Humor aparte, entiendo que el tipo de intelectual que encarna pueda echar para atrás a muchos potenciales lectores, que probablemente renunciarán a la lectura de sus libros tras los primeros párrafos, intimidados por un estilo literario tan estridente como el suyo. En mi caso, sólo he terminado una de sus obras, y para ello he necesitado más de un año, retomándolo y abandonándolo una y otra vez, asfixiado por su uso casi circense del lenguaje pero volviendo siempre a él por lo inspirador y didáctico de su contenido. Sus estilismos, aparentemente gratuitos a tenor de su profusión de palabras que parecen salidas de las profundidades de los diccionarios más añejos, reman en contra de una mayor comprensión de sus tesis, porque la oratoria de este genial ensayista suena tremendamente pedante
… lo cual no me parece necesariamente mal, porque yo mismo redacto de un modo muy pedante generalmente, y de ahí mi simpatía por el personaje, que se ve abocado a la incomprensión por la dificultad de redactar en lenguaje claro y liviano ideas que son en sí opacas y pesadas: no sé si se podrían enunciar de manera menos correosa el tipo de contenidos que maneja Cuesta Abad, por lo que la pedantería sea quizás una característica inevitable en la producción de ese tipo de discursos, inexpresables nominalmente sin recurrir a tecnicismos muy dificultosos para el licenciado de a pie, mayormente cateto. “Pedantería” es un concepto muy latino, incluso muy español: tiene ese componente inquisitivo en sentido católico, de penalizar al que “habla diferente”, “hablara raro” y “se cree muy listo” y al que se presupone vacuidad de significación tras pirotecnias significantes autocomplacientes. El pedante nunca lo es en sí, sino en relación a un oyente que es el que le atribuye la pedantería. En mi caso, muchos escritores me parecen pedantes en el sentido de “déficit de significación frente al significante” , pero a buen seguro esa fiscalización de la pedantería se debe a mi incomprensión: alguien como Eugenio Trías me parece, por lo poco que le he leído, un pedante o falabarato (astuta y envenenada palabra gallega), pero quizás si profundizase más en su obra me parecería un genio. Quién sabe.
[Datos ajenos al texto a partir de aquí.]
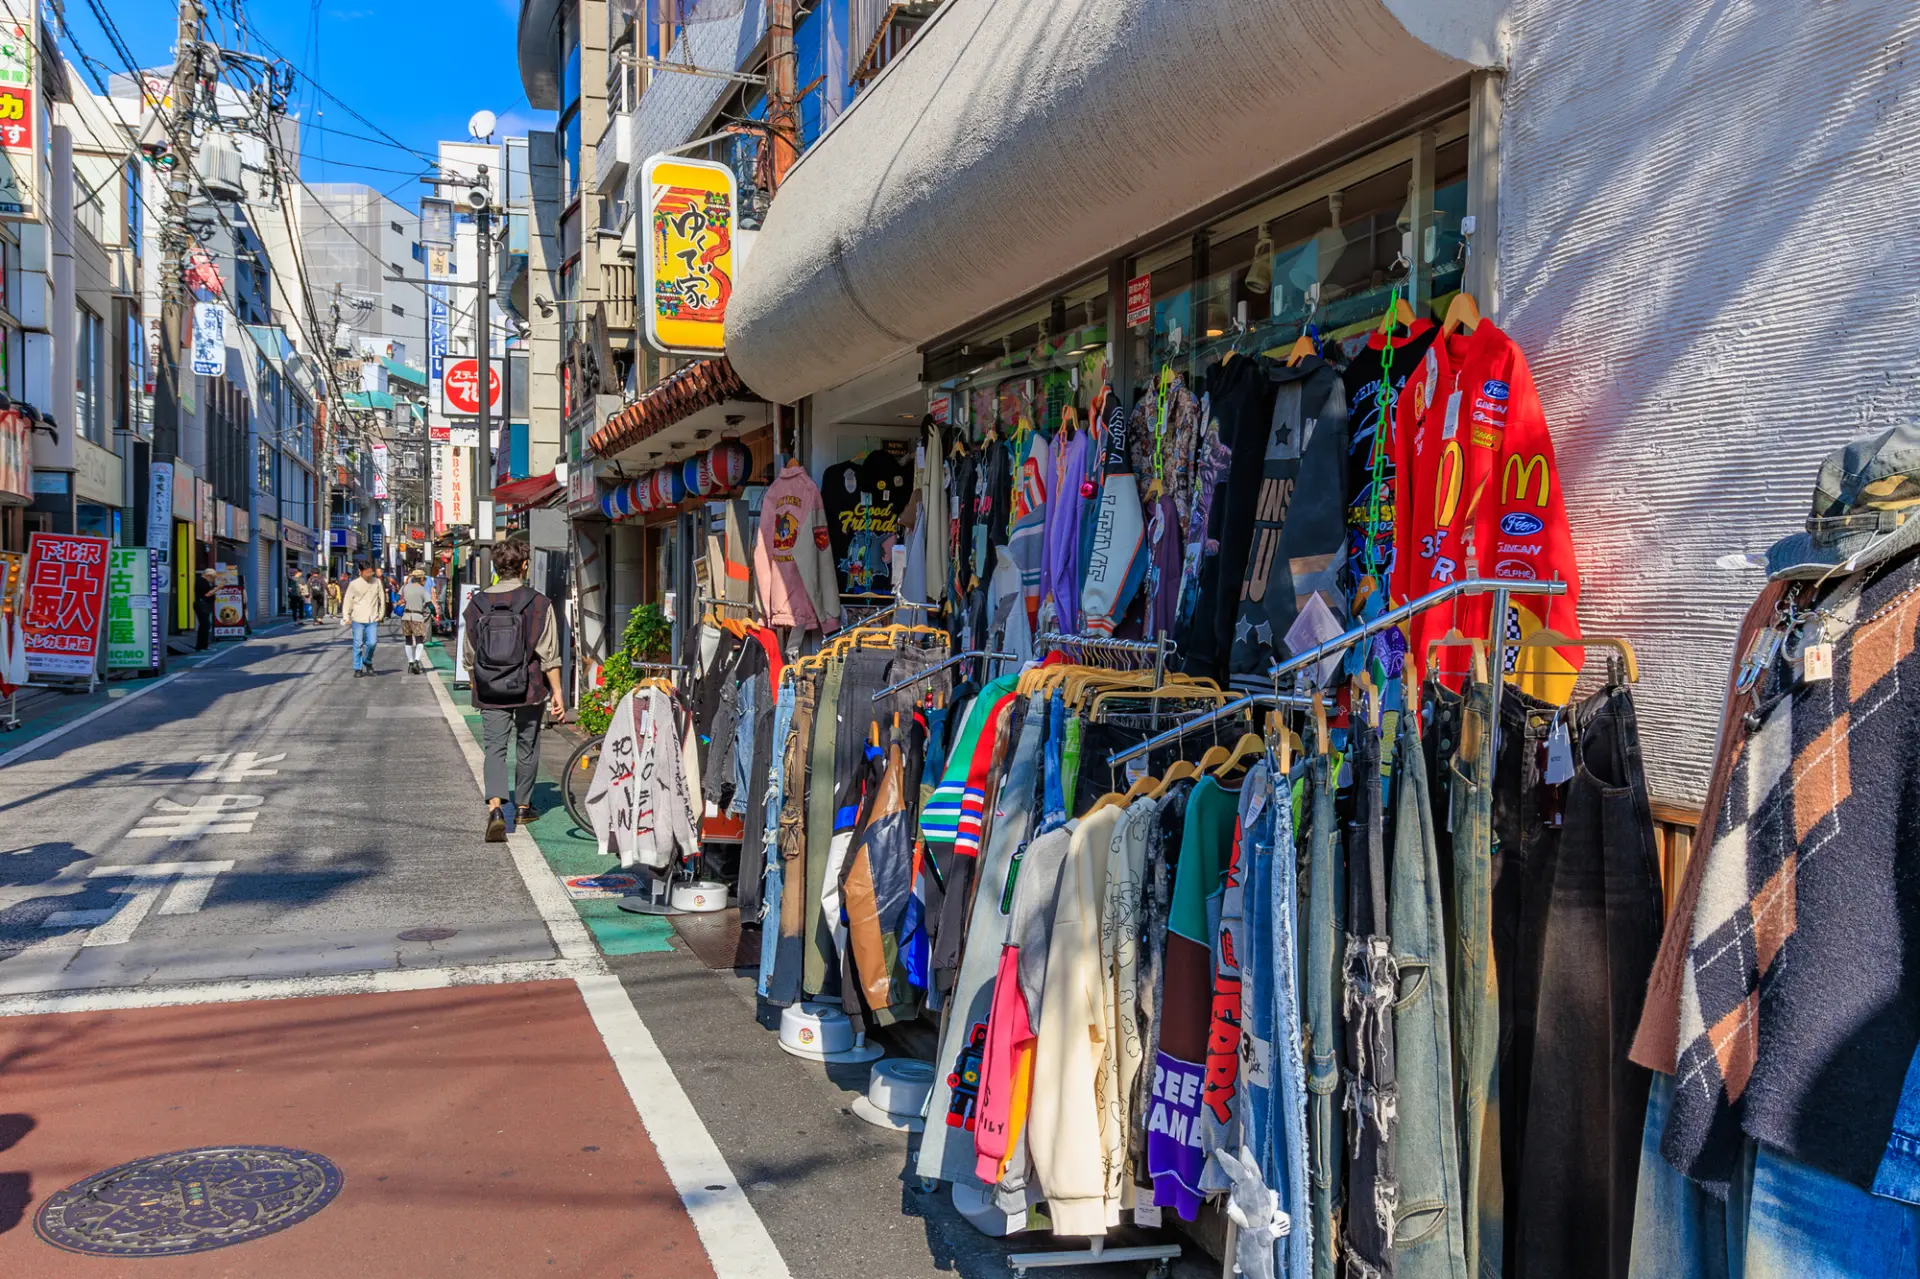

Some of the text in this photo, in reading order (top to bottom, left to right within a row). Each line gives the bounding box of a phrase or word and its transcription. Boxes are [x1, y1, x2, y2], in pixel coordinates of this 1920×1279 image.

[1129, 307, 1149, 320] SECURITY
[36, 540, 101, 564] 下北沢
[26, 560, 98, 632] 最大
[108, 570, 136, 645] 古着屋
[23, 632, 93, 652] トレカ専門店
[216, 627, 243, 636] CAFE
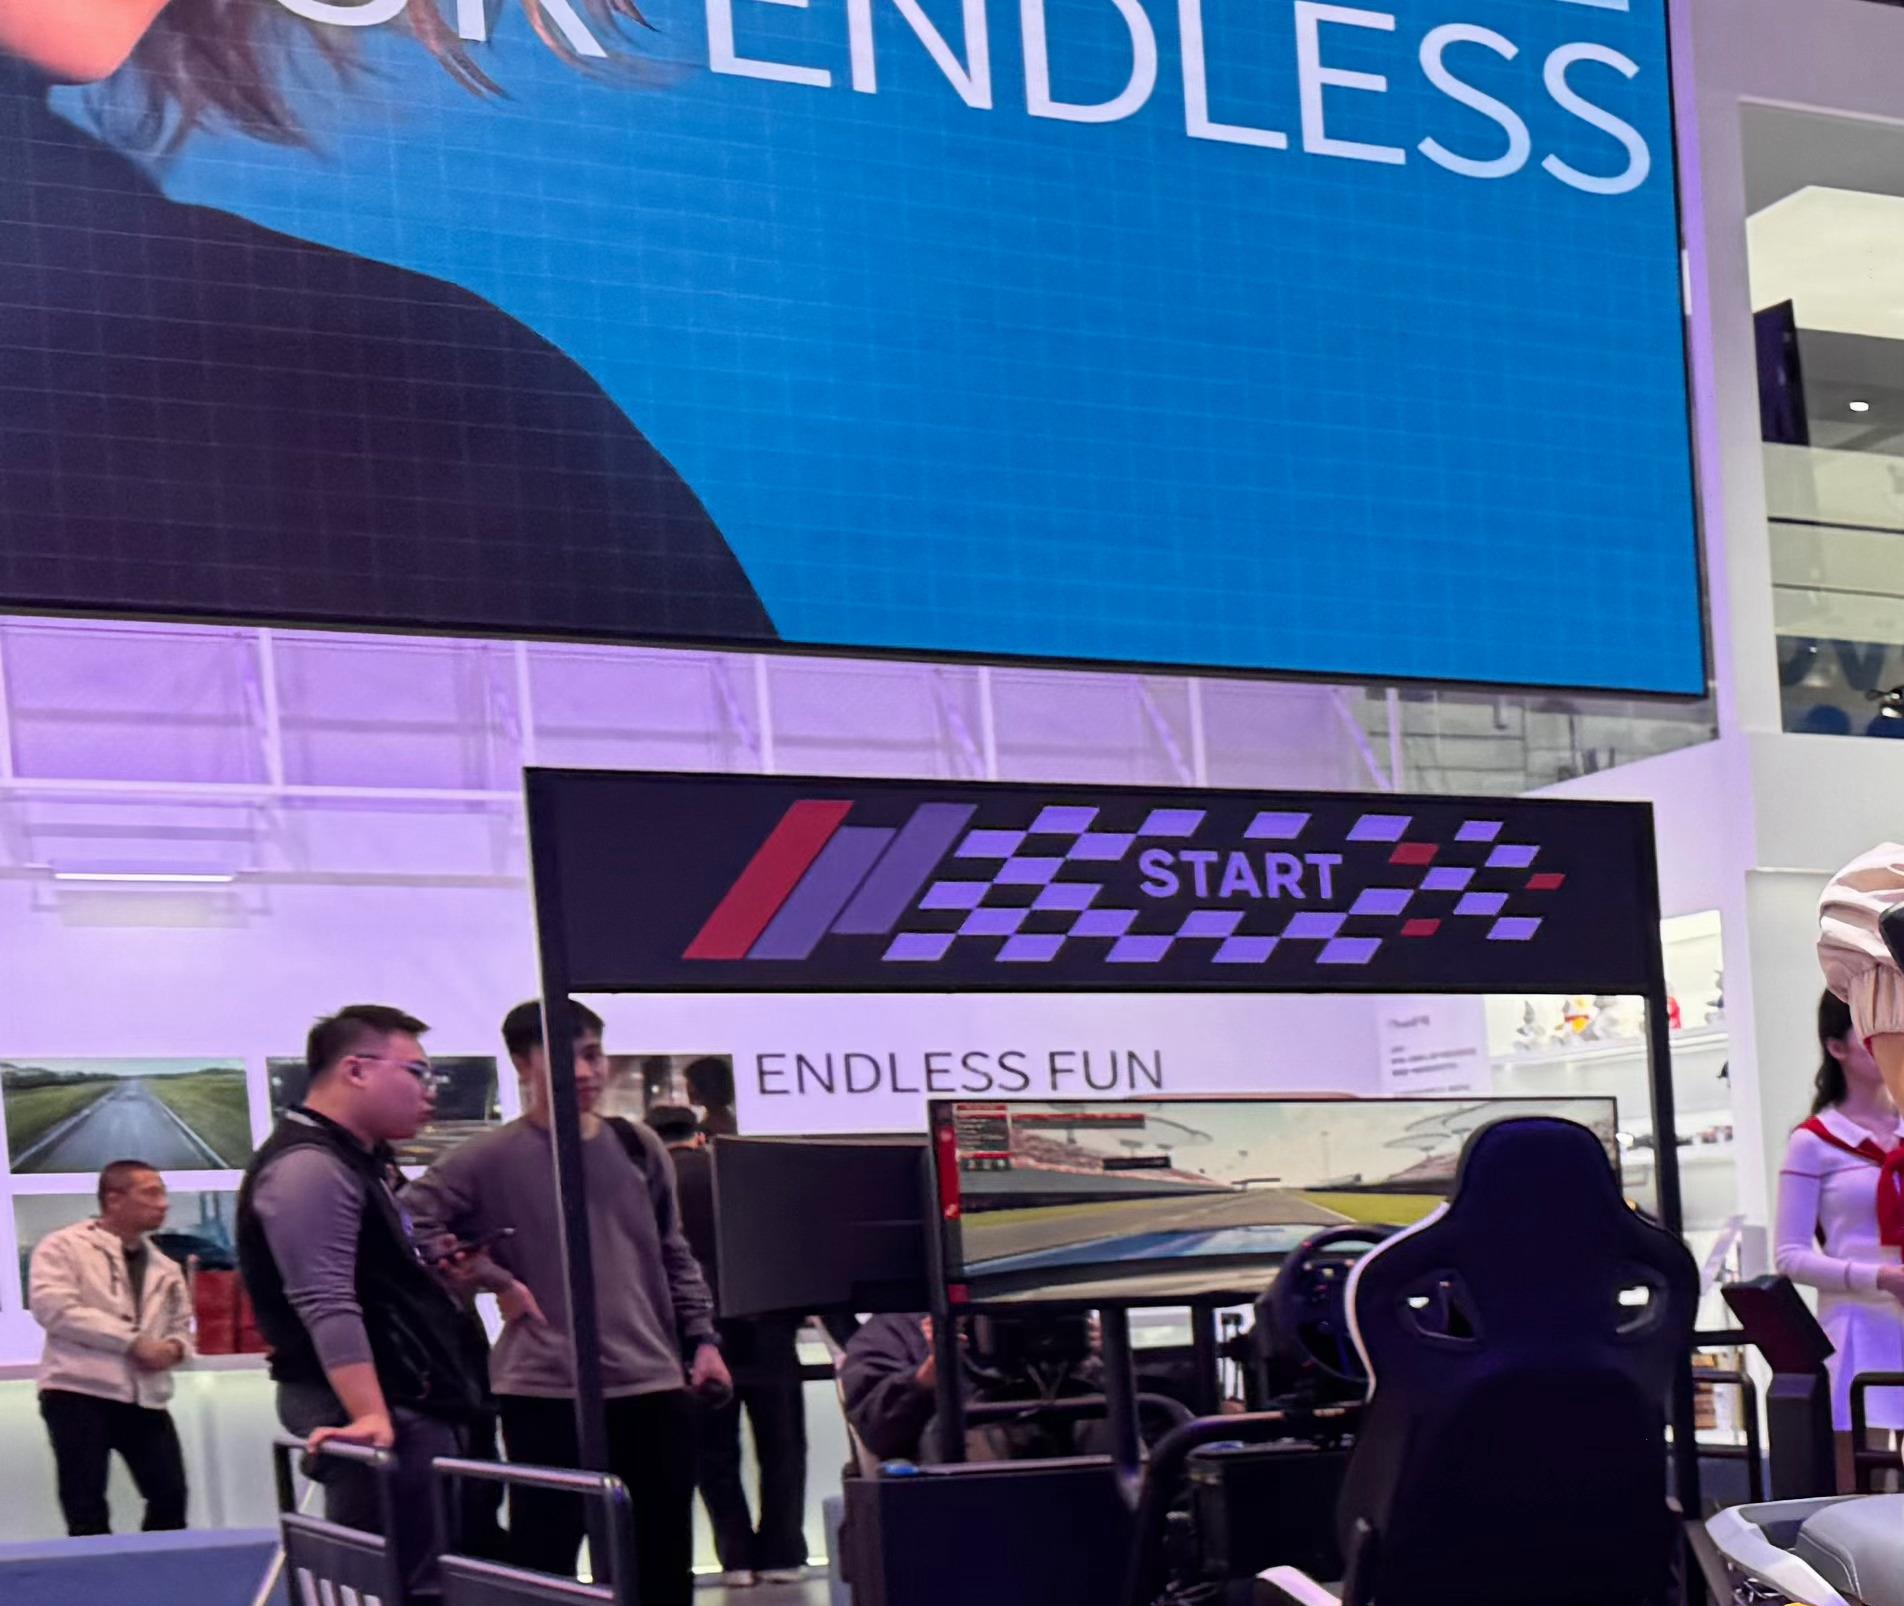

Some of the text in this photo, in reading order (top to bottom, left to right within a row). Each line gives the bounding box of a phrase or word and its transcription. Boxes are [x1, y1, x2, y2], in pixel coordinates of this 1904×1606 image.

[1139, 848, 1344, 901] START
[757, 1048, 1164, 1097] ENDLESS FUN
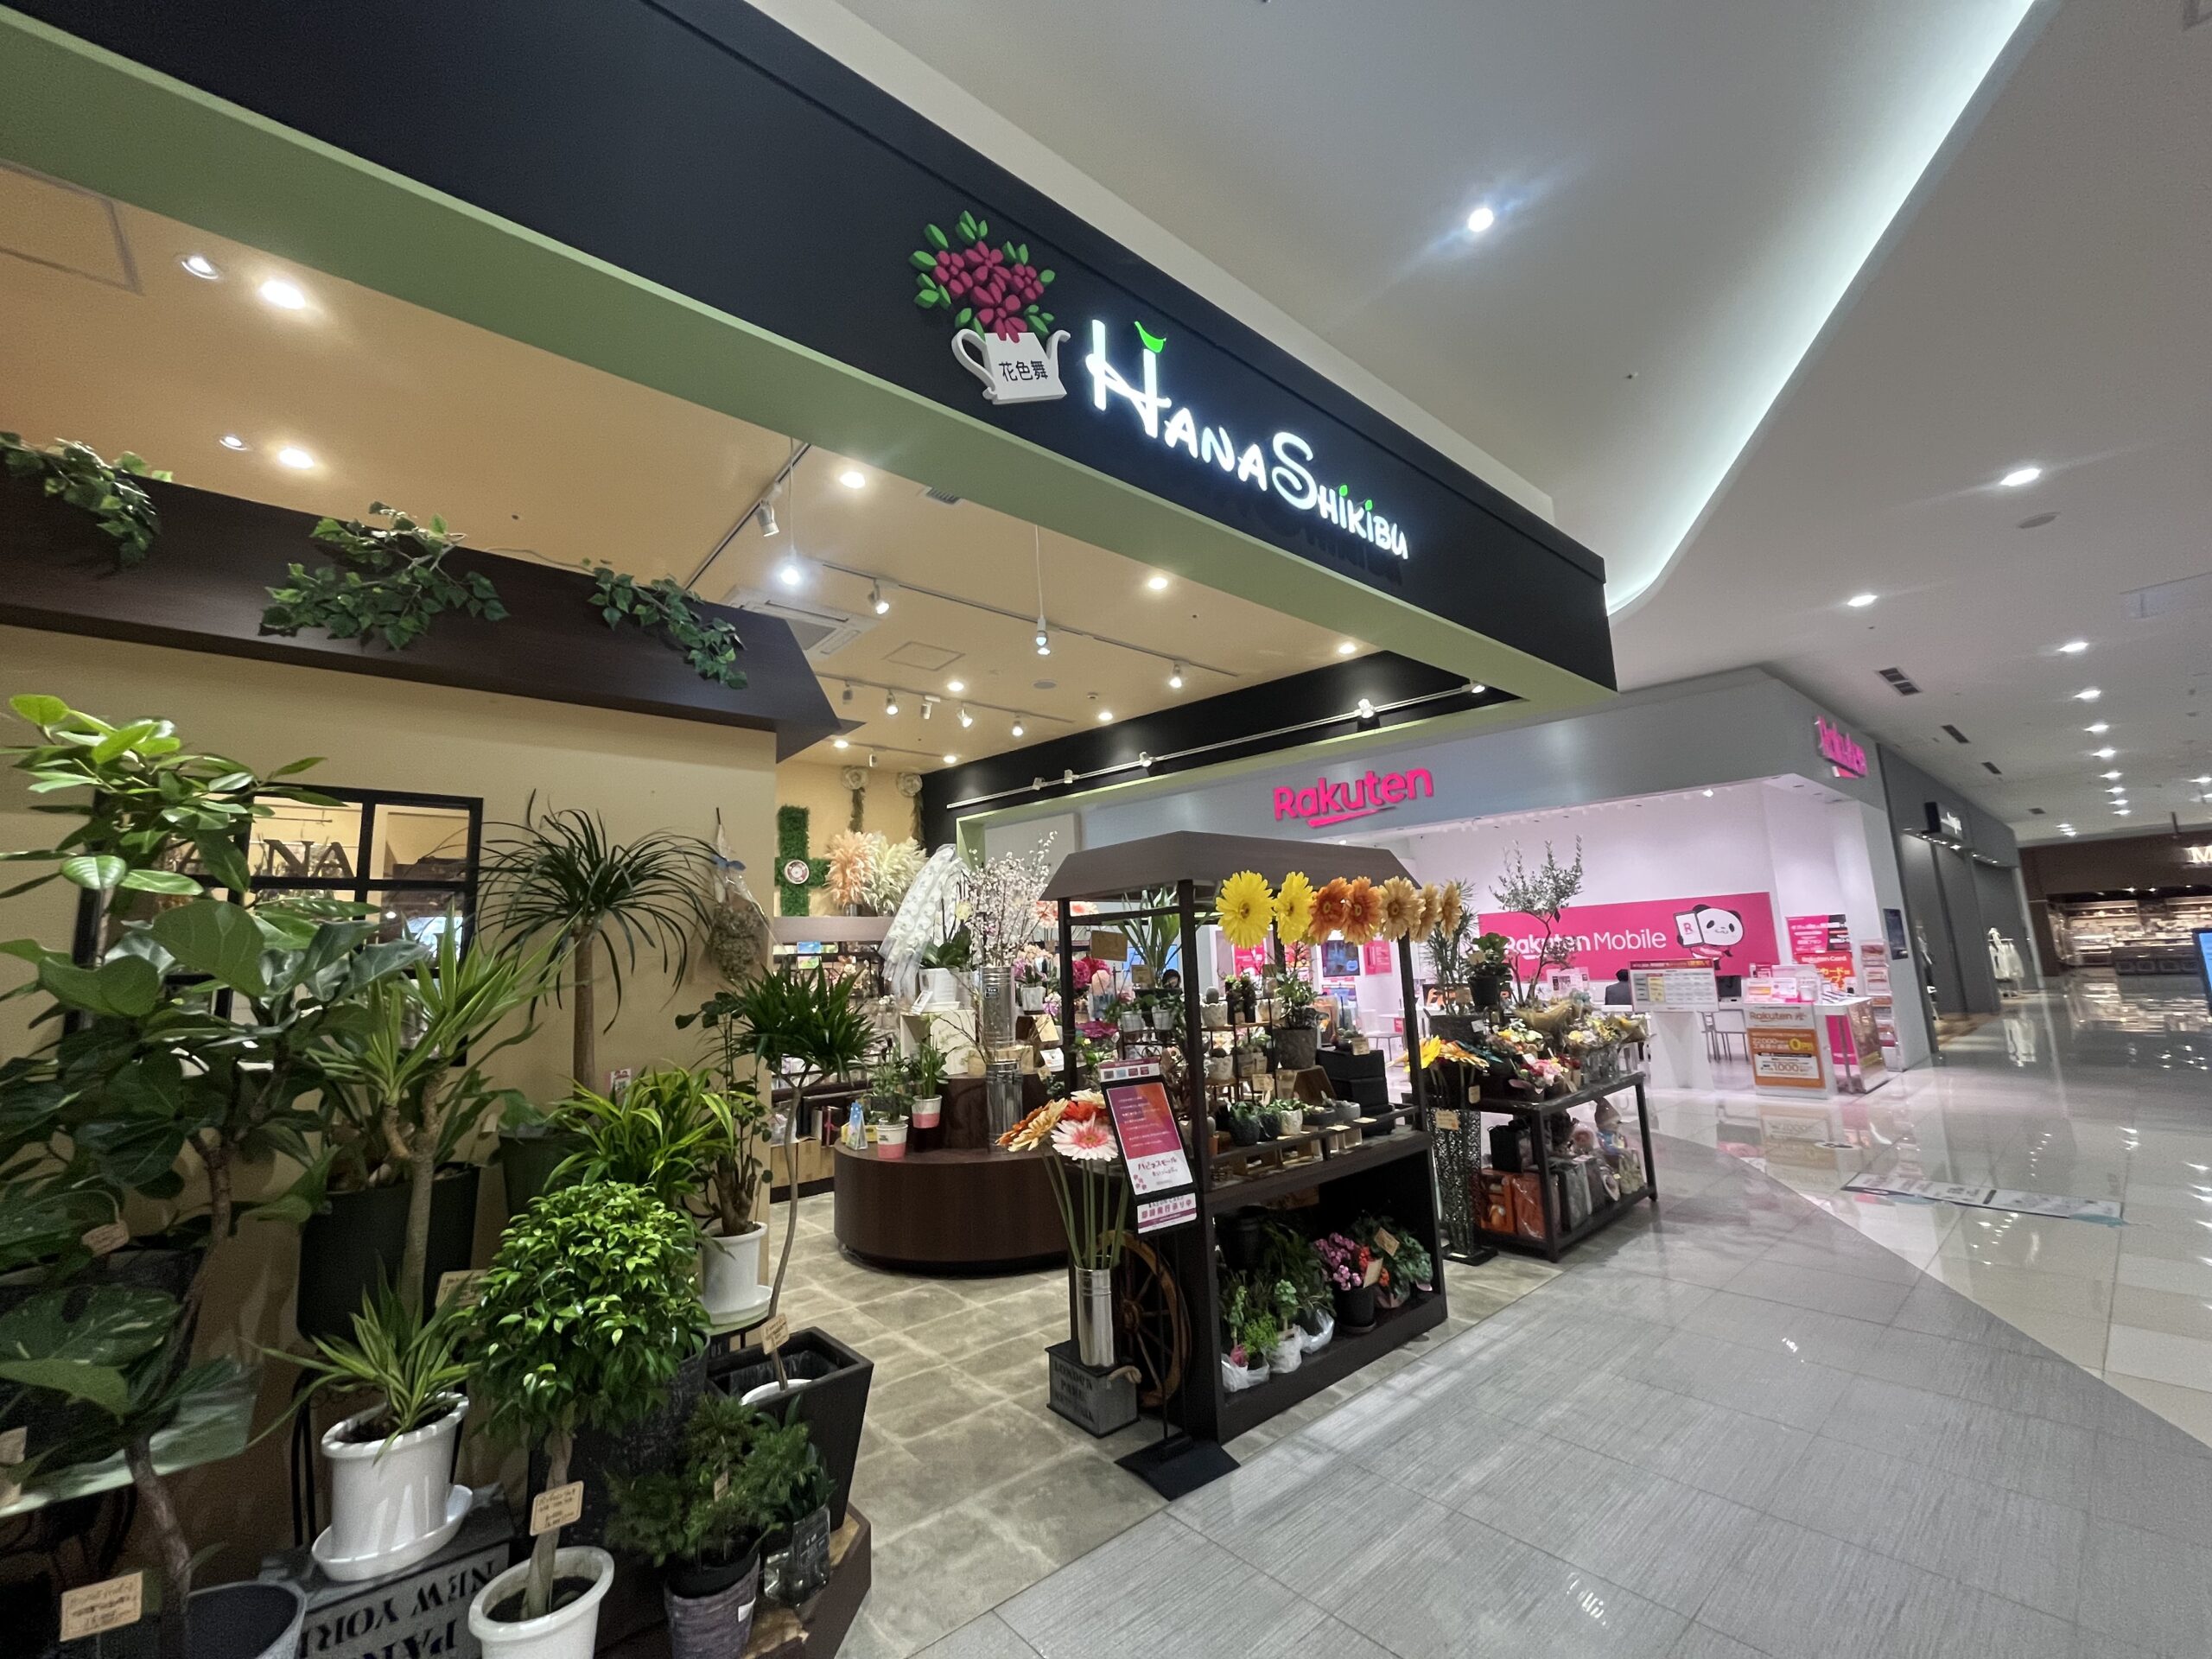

Lo que sí sé es que Cuesta Abad no es ningún pedante: sencillamente, el tipo de territorio intelectual en el que se maneja no se presta a redacciones más accesibles, y la severidad y puntillosidad de su retórica son condición indispensable para exponer con rigor un pensamiento tan lógicamente articulado como el suyo. “La escritura del instante” es de largo el más potente y solvente ensayo filosófico en español que me haya encontrado nunca, y una obra asombrosa que, en su parsimonioso movimiento circular alrededor de un par de conceptos, consigue iluminar su potencia poética hasta diluír el incómodo límite entre razón y emoción: se trata de un libro que homenajea, con matrioskas dialécticas hiperdensas que parecen redactadas en arameo, la belleza del pensar. Tiempo y metáfora, ausencia y puntos suspensivos: todo el libro orbita alrededor de esos conceptos, que terminan por instituir una única entidad, algo así como una “arqueología de la temporalidad poética” que salta de Aristóteles a Heidegger, de la hermenéutica a Derrida, hacia delante y hacia atrás y vuelta a empezar.
Como digo, al principio su lectura inspira recelo por esa redacción tan chirriante, pero a medida que van pasando las páginas y el discurso toma forma, uno se da cuenta de que cada palabra está en su sitio, que nada se dice gratuitamente, que su retórica es menos artificiosa de lo que podría parecer y que, bajo el aparatoso andamiaje academicista, laten intuiciones muy cálidas, muy poéticas e incluso, ejem, humanas (con perdón).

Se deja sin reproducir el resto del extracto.